Opis książki: "Tysiące lat temu, Anioł Razjel zmieszał swoją krew z krwią mężczyzn i stworzył rasę Nephilim, pół ludzi, pół aniołów. Mieszańcy człowieka i anioła przebywają wśród nas, ukryci, ale wciąż obecni, są naszą niewidzialną ochroną. Nazywają ich Nocnymi Łowcami. Nocni Łowcy przestrzegają praw ustanowionych w Szarej Księdze, nadanych im przez Razjela.
Ich zadaniem jest chronić nasz świat przed pasożytami, zwanymi demonami, które podróżują między światami, niszcząc wszystko na swej drodze. Ich zadaniem jest również utrzymanie pokoju między walczącymi mieszkańcami podziemnego świata, krzyżówkami człowieka i demona, znanymi jako wilkołaki, wampiry, czarodzieje i wróżki. W swoich obowiązkach są wspomagani przez tajemniczych Cichych Braci. Cisi Bracia mają zaszyte oczy i usta i rządzą Miastem Kości, nekropolią znajdującą się pod ulicami Manhattanu, w której leżą zmarli Łowcy. Cisi Bracia prowadzą archiwa wszystkich Łowców Cieni, jacy kiedykolwiek żyli. Strzegą również trzech boskich przedmiotów, które anioł Razjel powierzył swoim dzieciom. Jednym z nich jest Miecz. Drugim Lustro. Trzecim Kielich.
Od tysięcy lat Cisi Bracia strzegli boskich przedmiotów. I było tak aż do Powstania, wojny domowej, pod przywództwem zbuntowanego Łowcy, Valentine’a, który niemal na zawsze zniszczył tajemny świat Łowców. I mimo że od śmierci Valentine’a minęło wiele lat, rany, jakie zostawił, nigdy się nie zabliźniły. Od Powstania minęło piętnaście lat. Jest upalny sierpień w tętniącym życiem Nowym Jorku. W podziemnym świecie szerzy się wieść, że Valentine powrócił na czele armii wyklętych. A Kielich zaginął… ".

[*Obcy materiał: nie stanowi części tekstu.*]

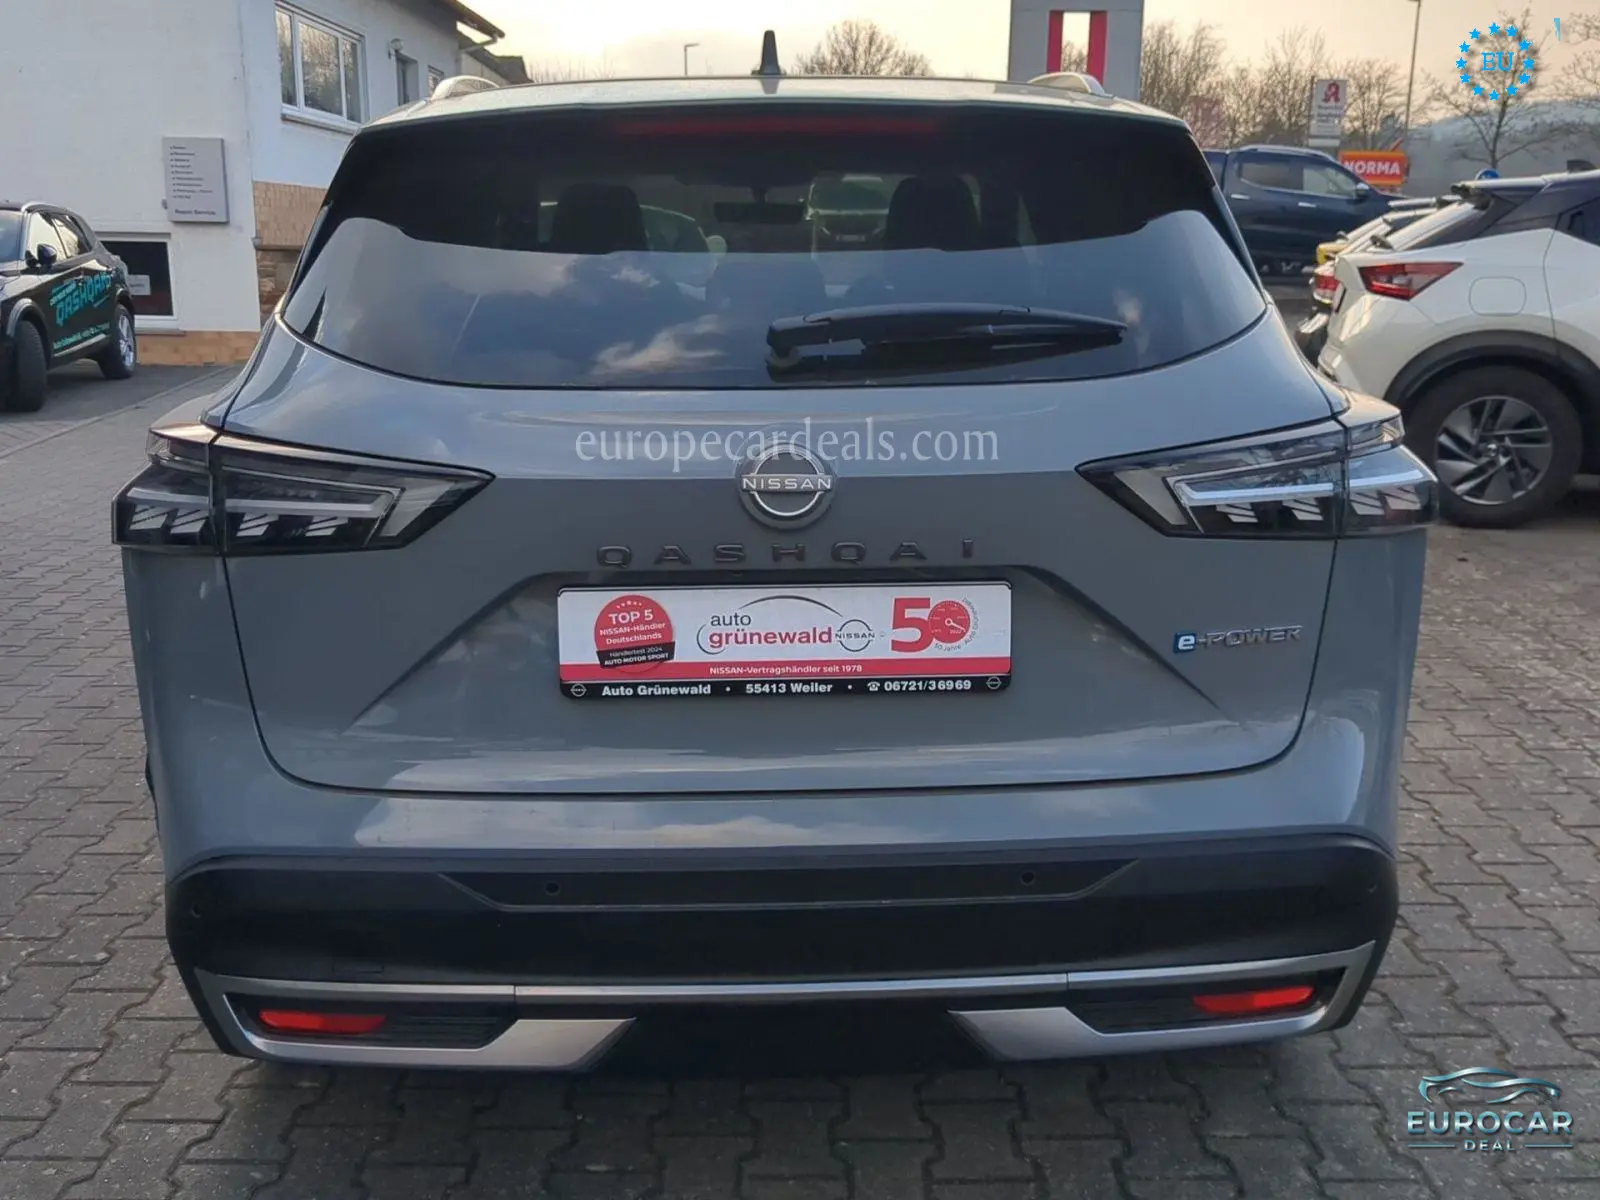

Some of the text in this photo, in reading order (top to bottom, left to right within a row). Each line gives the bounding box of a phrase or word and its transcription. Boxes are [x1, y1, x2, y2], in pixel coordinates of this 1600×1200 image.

[1343, 160, 1401, 176] NORMA
[742, 476, 832, 490] NISSAN
[596, 537, 976, 569] QASHQAI
[608, 609, 654, 625] TOP 5
[710, 612, 752, 627] auto
[600, 622, 666, 637] NISSAN-Händler
[835, 632, 875, 640] NISSAN
[606, 633, 663, 645] Deutschlands
[708, 627, 832, 649] grünewald
[604, 652, 669, 666] AUTO MOTOR SPORT
[709, 664, 862, 676] NISSAN-Vertragshändler seit 1978
[601, 685, 633, 697] Auto
[637, 684, 711, 696] Grünewald
[745, 683, 786, 694] 55413
[791, 682, 833, 693] Weiler
[884, 680, 972, 692] 06721/36969

Recenzja: Moim zdaniem książka jest niesamowita, wciąga na całego i sprawia, że nie możesz się od niej oderwać. Specyficzne poczucie pewnego bohatera i autorki sprawiły, że książka bawi w niektórych chwilach. Moja ocena to 10/10. Naprawdę opłaca się ją przeczytać i zakochać się w świecie Nocnych Łowców.

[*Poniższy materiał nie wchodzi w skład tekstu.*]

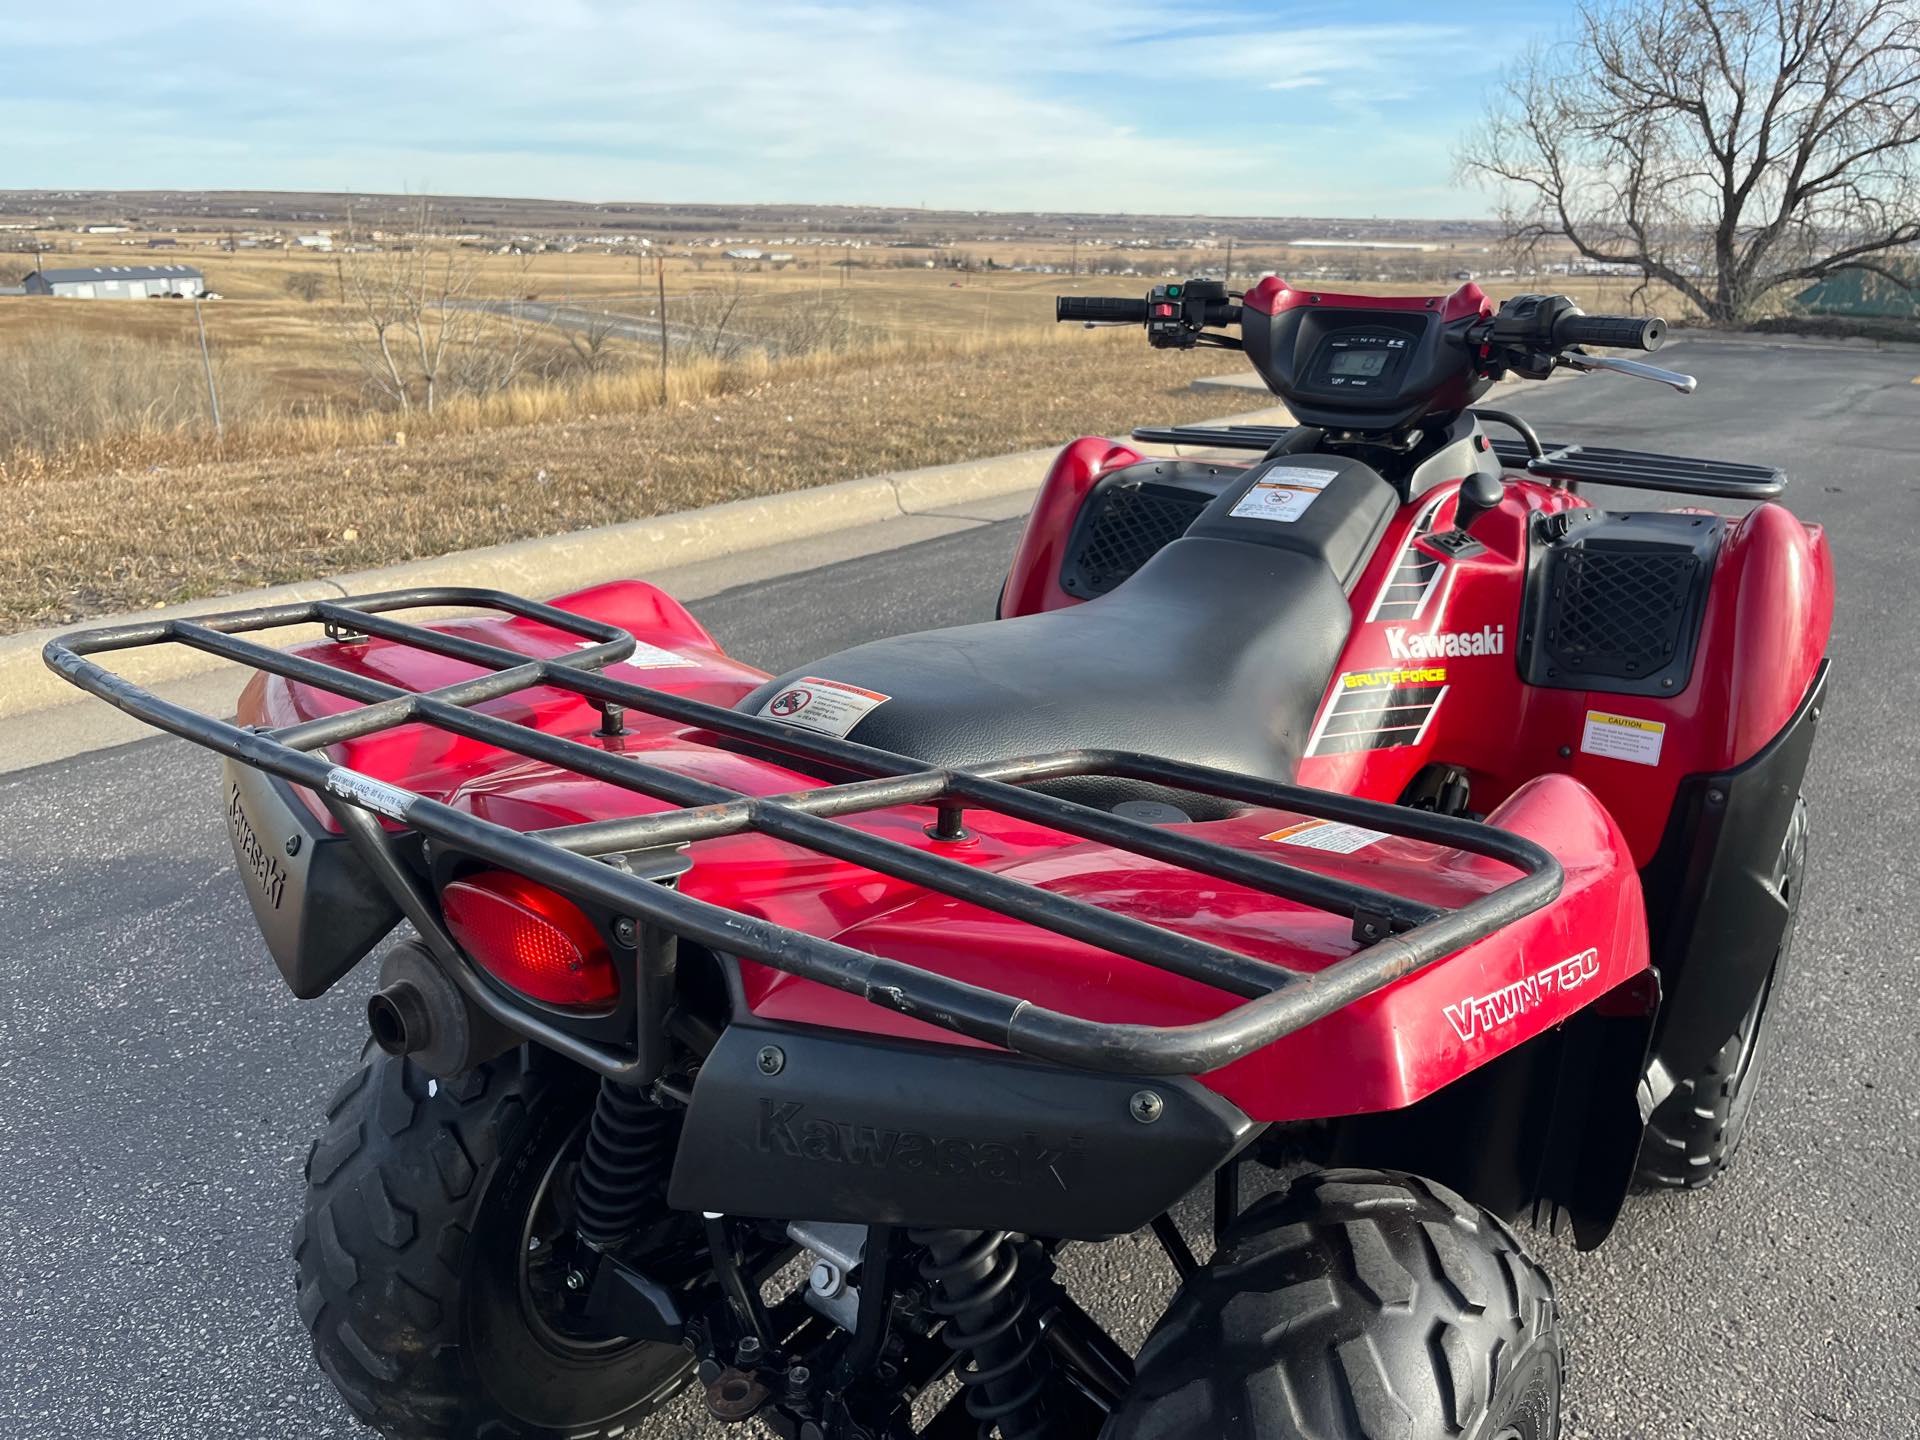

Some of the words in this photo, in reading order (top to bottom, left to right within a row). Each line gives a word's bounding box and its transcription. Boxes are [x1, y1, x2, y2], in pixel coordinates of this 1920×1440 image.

poniedziałek, 20 października 2014

                                                                    Witajcie!
  Mój blog ma nazwę "Meo multum sum mundi" co oznacza po łacinie "mój mały świat". Wybrałam taką nazwę ponieważ lubię być oryginalna.
  Uwielbiam książki więc znajdziecie tu opisy i opinie książek, które uważam za godne przeczytania i nie tylko. Będziecie mogli przeczytać o moim życiu, w którym nie zawsze wszystko idzie po mojej myśli. Znajdziecie też trochę rzeczy z anime i informacji o mojej twórczości. No bo wiedźcie, że jestem autorką opowiadań na pewnej stronie. A pomysłów mam całą masę. Więc liczę, że nie będziecie się nudzić.